Famous faces like Catarina Macario, Leah Williamson, Beth Mead, and Janine Beckie, among others, were unable to participate due to ACL injuries. This concern is escalating, with around 60 players in Europe’s five major leagues sustaining ACL tears in a single season.
Seeking Solutions Amidst Fear
In recent times, fear and anxiety have overwhelmed the sport. Many players worry about potential injuries and are seeking answers and reassurance from medical professionals and organisations. Yet, the scarcity of research and information concerning women’s susceptibility to ACL injuries creates further fear.
A widely accepted fact is that women are at a higher risk of suffering an ACL injury than men.

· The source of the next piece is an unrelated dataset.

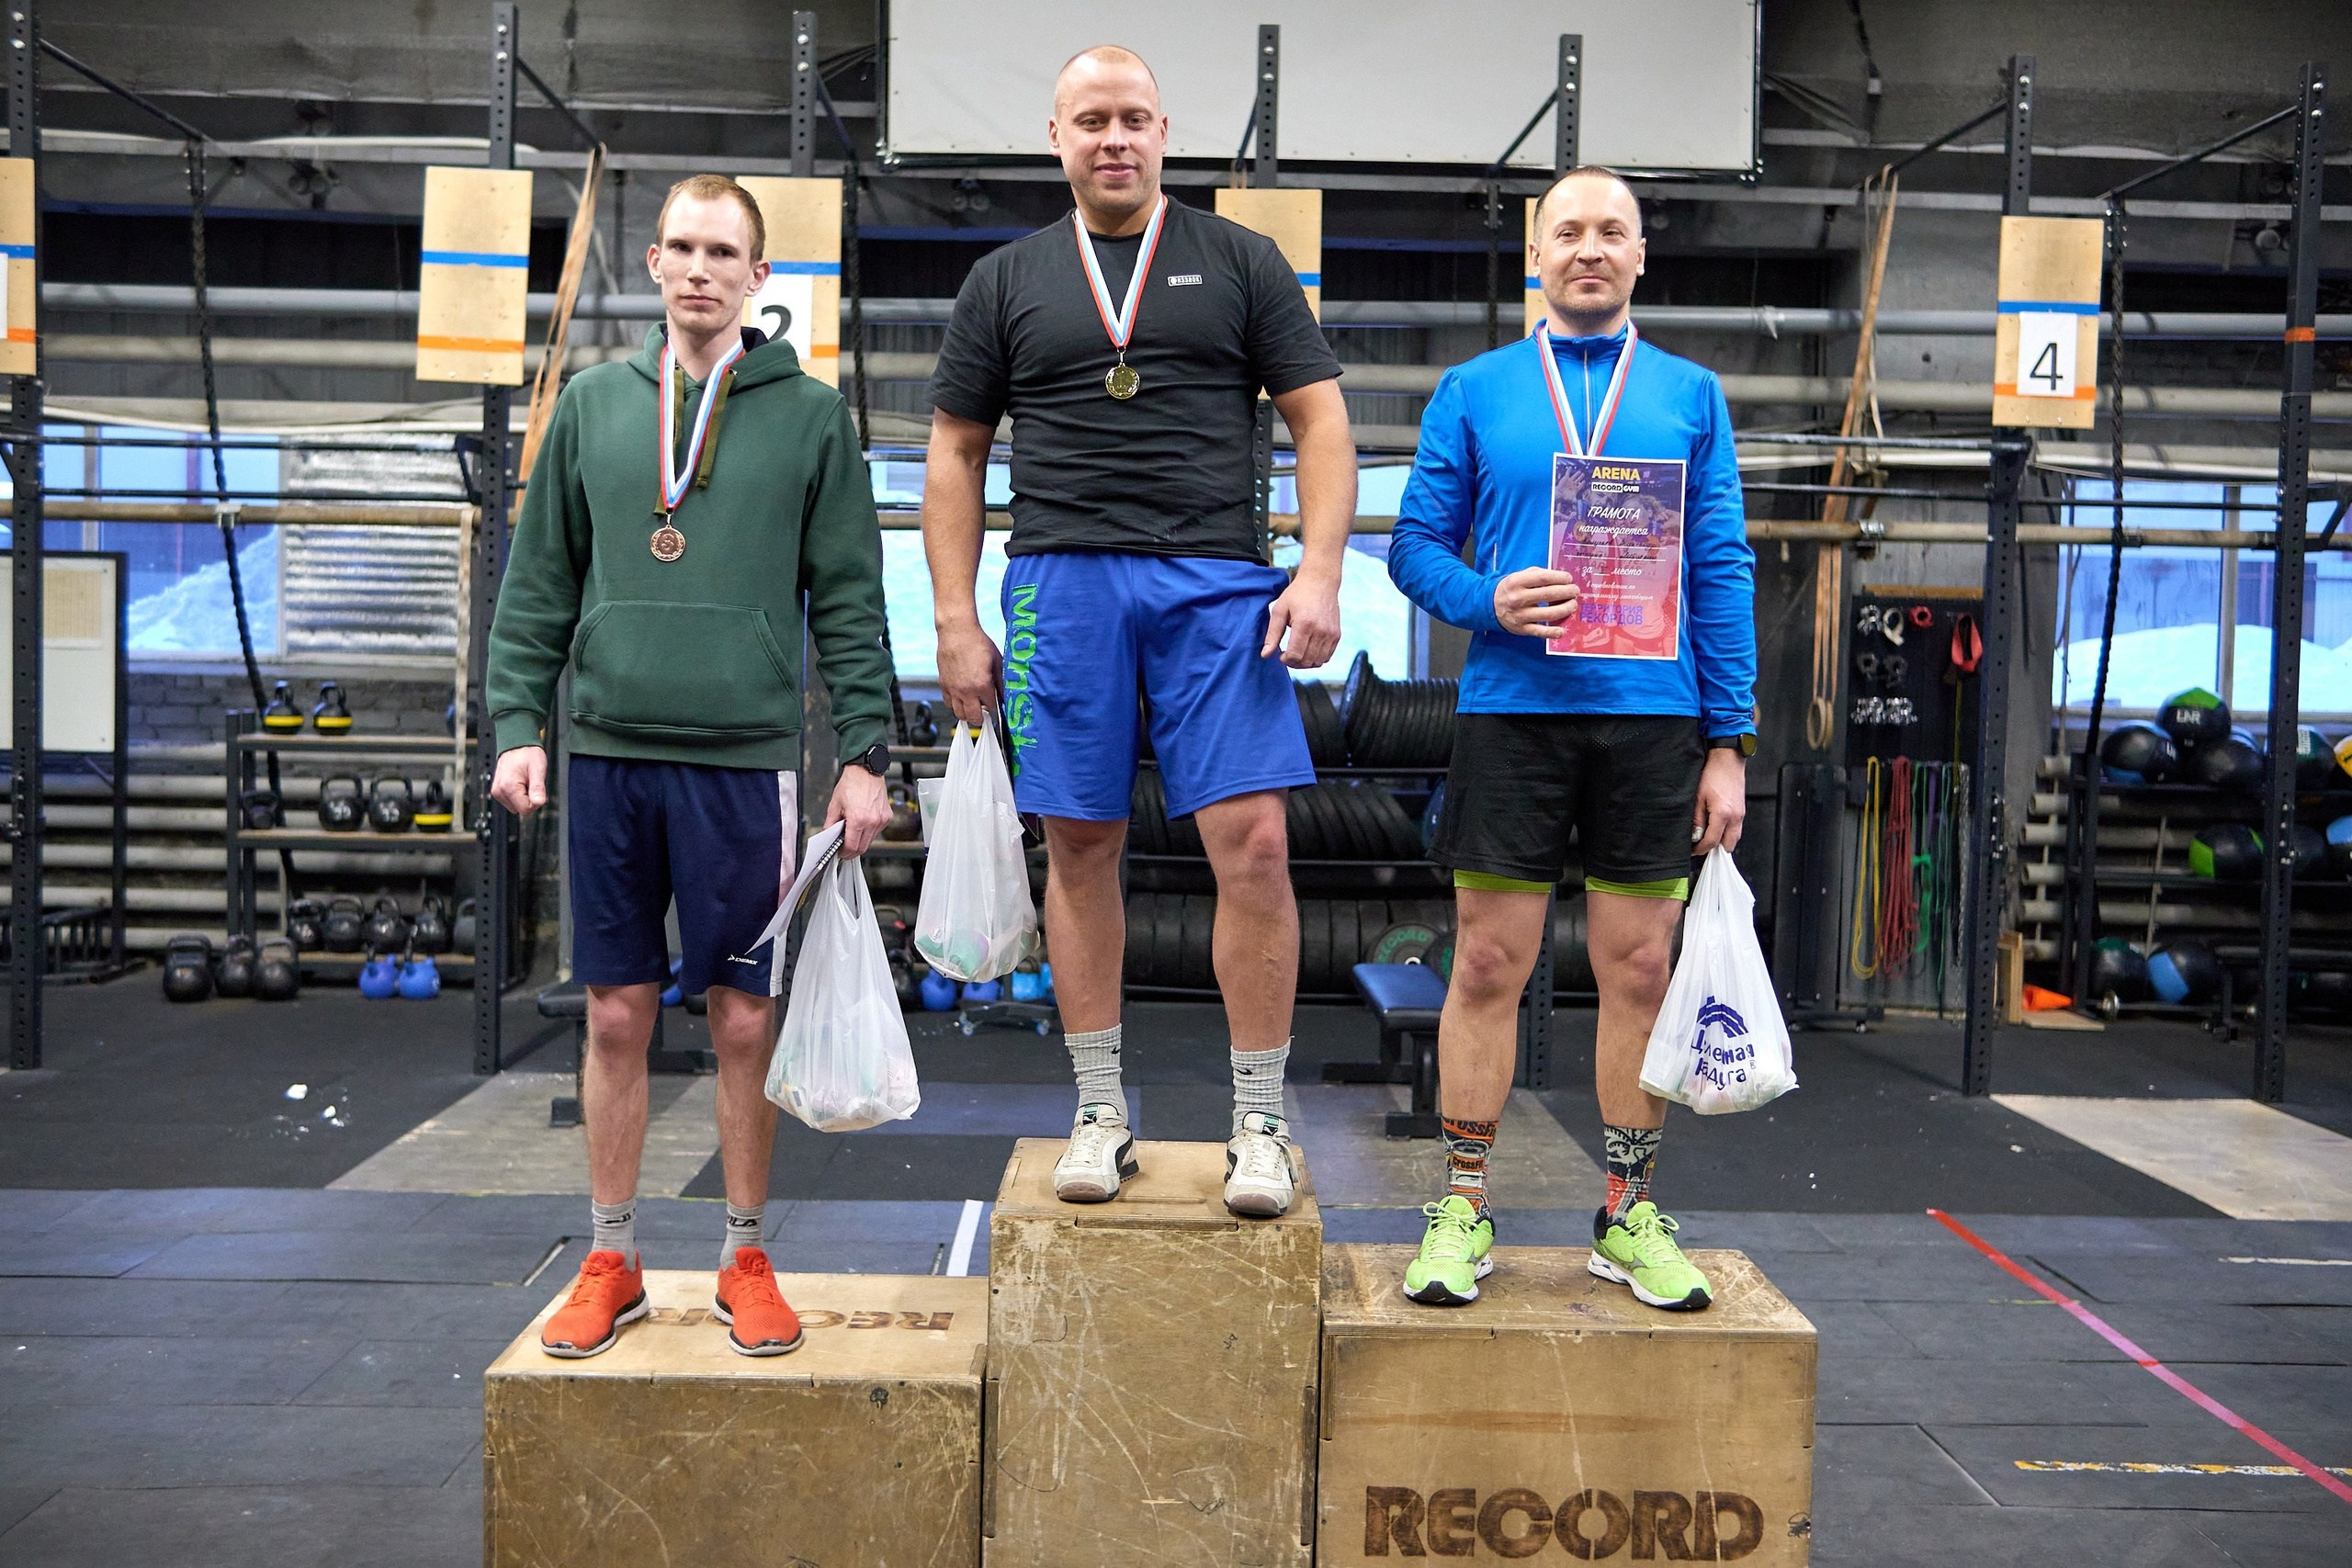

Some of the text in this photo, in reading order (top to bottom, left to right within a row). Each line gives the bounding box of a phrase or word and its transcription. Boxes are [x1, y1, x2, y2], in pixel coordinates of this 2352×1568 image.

The extent of this risk remains ambiguous, with estimates ranging from two to seven times higher. The exact reason for this susceptibility is under contention. Some argue it’s due to anatomical differences, while others believe it might be linked to hormonal fluctuations.

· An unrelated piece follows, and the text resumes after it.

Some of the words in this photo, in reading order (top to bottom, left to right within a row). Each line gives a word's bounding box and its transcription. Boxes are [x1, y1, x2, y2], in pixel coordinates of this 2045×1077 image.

Dr. Katrine Okholm Kryger, a senior lecturer in sports rehabilitation at St Mary’s University in Twickenham, London, refutes the notion that the higher risk of ACL injuries among female soccer players is solely due to their physiological makeup. She acknowledges that factors such as the menstrual cycle and broader hips in women can slightly increase the likelihood of such injuries. However, she believes the emphasis placed on these factors is disproportionate. She suggests the real issues are controllable, gendered factors that reflect the less favourable conditions women players face, such as inadequate funding for women’s soccer. Kryger calls for dismantling harmful stereotypes perpetuating the notion of women being too ‘weak’ or ‘physically unstable’ to play soccer.

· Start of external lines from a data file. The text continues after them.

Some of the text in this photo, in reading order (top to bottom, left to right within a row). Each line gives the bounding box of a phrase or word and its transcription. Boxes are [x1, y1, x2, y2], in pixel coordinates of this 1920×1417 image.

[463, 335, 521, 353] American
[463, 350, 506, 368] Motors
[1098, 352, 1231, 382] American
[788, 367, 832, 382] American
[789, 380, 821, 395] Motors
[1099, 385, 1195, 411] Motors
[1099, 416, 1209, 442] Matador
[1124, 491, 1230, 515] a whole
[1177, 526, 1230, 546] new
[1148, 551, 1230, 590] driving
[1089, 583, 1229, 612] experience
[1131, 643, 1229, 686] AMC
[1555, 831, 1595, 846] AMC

Shedding Light on Structural and Cultural Factors
While the increased intensity and frequency of games contribute to the ACL injury epidemic, the disparity between the organisational support for men’s and women’s football cannot be overlooked. There’s a distinct lack of resources and infrastructure for women’s teams. These include limited access to medical staff, nutritionists, and specialised strength and conditioning training.
Artificial turfs and inadequate footwear also exacerbate the problem. Women’s teams often play on artificial surfaces with shoes designed for men. Therefore, the risk of injuries like ACL tears inevitably increases.
A Step Towards Resolution
Ida Sports, founded by Laura Youngson, seeks to address the issue of ill-fitting footwear by producing custom-made football cleats for women. The company’s research has found that women generally have narrower heels, wider toe areas, and higher arches than men. This leads to a different interaction with the ground. While the company does not claim to solve the ACL injury problem entirely, its initiative highlights the importance of researching and addressing the unique needs and risks of female athletes.
The Long Road Ahead
Understanding and mitigating the ACL injury epidemic requires an interdisciplinary approach, blending medical research, training protocols, and player support. By valuing women athletes and addressing their unique needs, we can pave the way for a safer and more equitable playing field.